Glasfaserkabel versorgt  große Wohnanlagen
„Durch diese Technik ergeben sich insbesondere für große Wohnanlagen ganz neue Möglichkeiten“, sagt Jochen Kummerer, Produktmanager bei der Triax GmbH aus Pliezhausen. Triax ist einer von zwei Herstellern, die bisher die optischen Empfangsgeräte auf dem Markt anbieten. Die Verarbeitung von Glasfaser sei für die ausführenden Handwerker zwar mit etwas Übung verbunden, denn „schon ein Fingerabdruck oder Staubkorn am Ende des Glasfaserkabels genügt, um die Empfangsqualität zu beeinträchtigen“, so Jochen Kummerer weiter. Aber mit einem Reinigungstuch des Herstellers könnten die Verunreinigungen leicht beseitigt werden. „Zudem macht die Kostenersparnis den optischen Satellitenempfang enorm attraktiv, da nur noch ein Glasfaser anstatt vier Koaxialkabel je Satellitenposition von der Sat-Antenne bis zu den Multischaltern verlegt werden muss und weite Strecken ohne Qualitätsverlust überbrückt werden können“, unterstreicht Kummerer.

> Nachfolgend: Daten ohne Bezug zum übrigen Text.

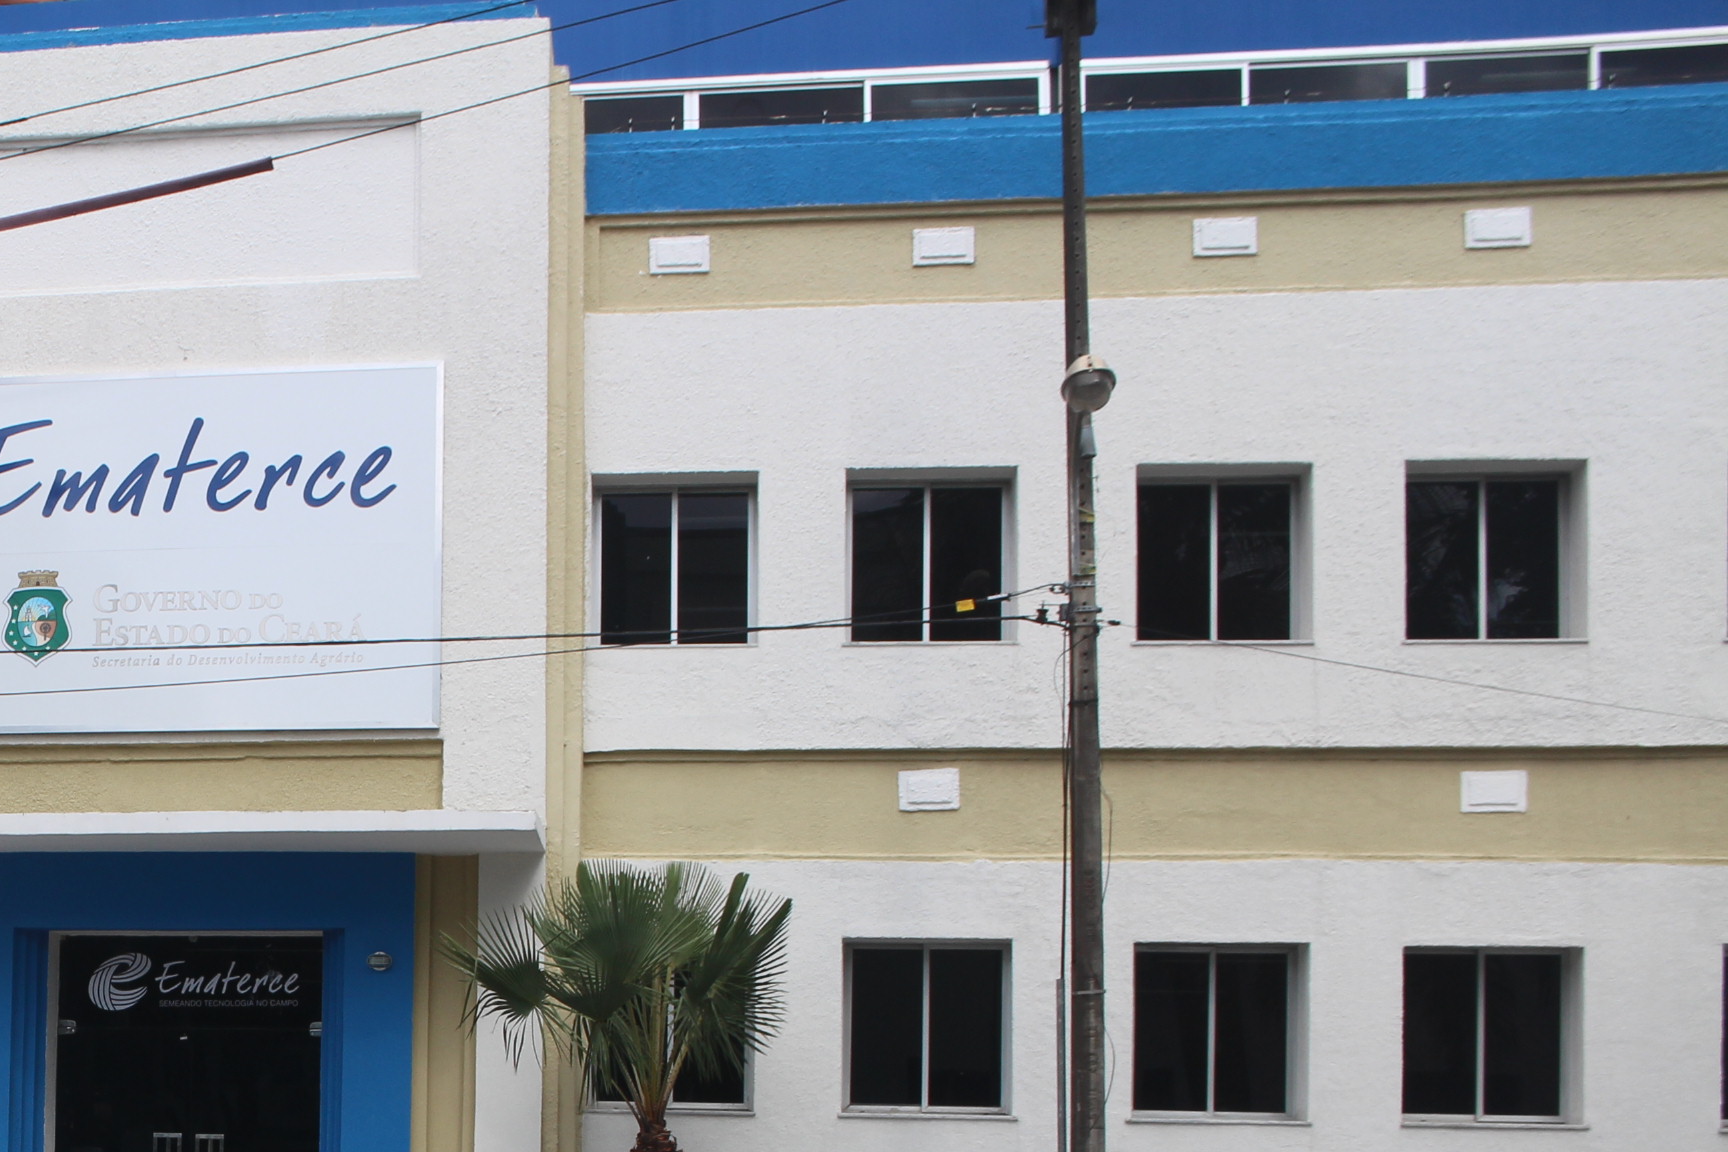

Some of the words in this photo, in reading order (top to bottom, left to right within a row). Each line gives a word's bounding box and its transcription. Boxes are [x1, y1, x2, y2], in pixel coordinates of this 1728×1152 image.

Praxisbeispiel: Glasfaser durch die Tiefgarage verlegt
In zwei Gebäuden im Tannensteig in Feucht bei Nürnberg hat Dienstleister Rudolph im März den TV-Empfang von Kabelfernsehen auf optischen Satellitenempfang umgerüstet. Das Komplettangebot inklusive glasklarem HD-Empfang, vieler ausländischer Programme und 24-Stunden-Service kostet die Bewohner pro Wohnung nur 7 Euro im Monat. Im Vergleich zu den Kosten des bisherigen Kabelanbieters von ungefähr 17 Euro „ist das eine Riesenersparnis“, wie Rudolph findet. Die Glasfaserleitung zur Versorgung der rund 60 Haushalte in den beiden Häusern ist dabei durch die gemeinsame Tiefgarage verlegt worden. Die komplette Umrüstung dauerte knapp sechs Werktage. Die Wohnungen mussten kaum betreten werden, da eine Neuverkabelung nicht notwendig war.

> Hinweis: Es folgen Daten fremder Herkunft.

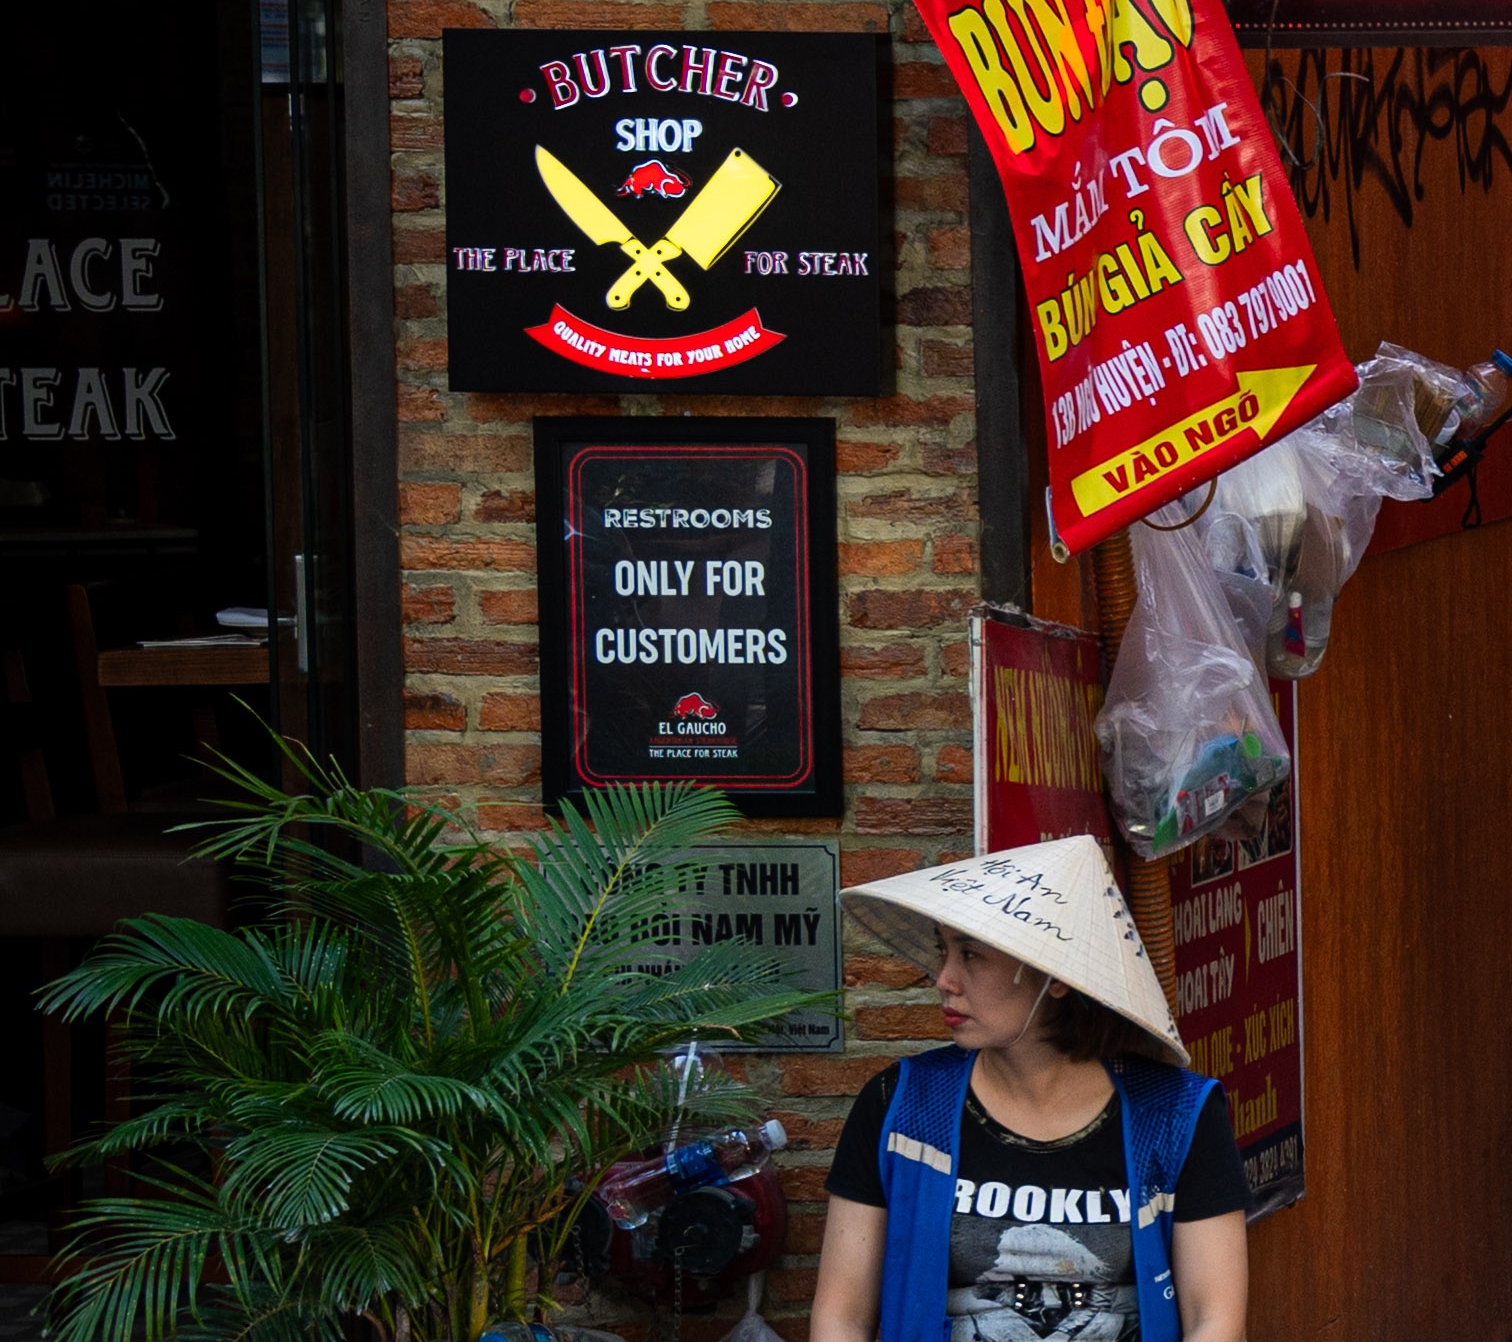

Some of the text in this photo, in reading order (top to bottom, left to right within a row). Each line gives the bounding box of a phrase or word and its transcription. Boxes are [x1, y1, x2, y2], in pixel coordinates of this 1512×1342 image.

Das Modell macht jedenfalls weiter Schule: „In den nächsten Monaten werden wir weitere Gebäude in München und Frankfurt/Main mit optischem Satellitenempfang ausstatten“,
berichtet Rudolph. Rund 350 Wohneinheiten werden mit je rund drei Sat-Anschlüssen ausgestattet. Und der Siegeszug des optischen Satellitenempfangs habe damit erst begonnen, ist sich der Fachmann sicher.
www.dtnetservice.de
www.triax-gmbh.de

red
Bild: Mit der neuen Signalverteilung über das Glasfaserkabel ist es möglich, über 4000 Teilnehmeranschlüsse zu bedienen – und das ohne Signal- und Qualitätsverlust. Ein optischer LNB (im Bild sind zwei zu sehen), der die Signale vom Satellitenspiegel auffängt und bündelt, kann bis zu 32 Multischalter versorgen.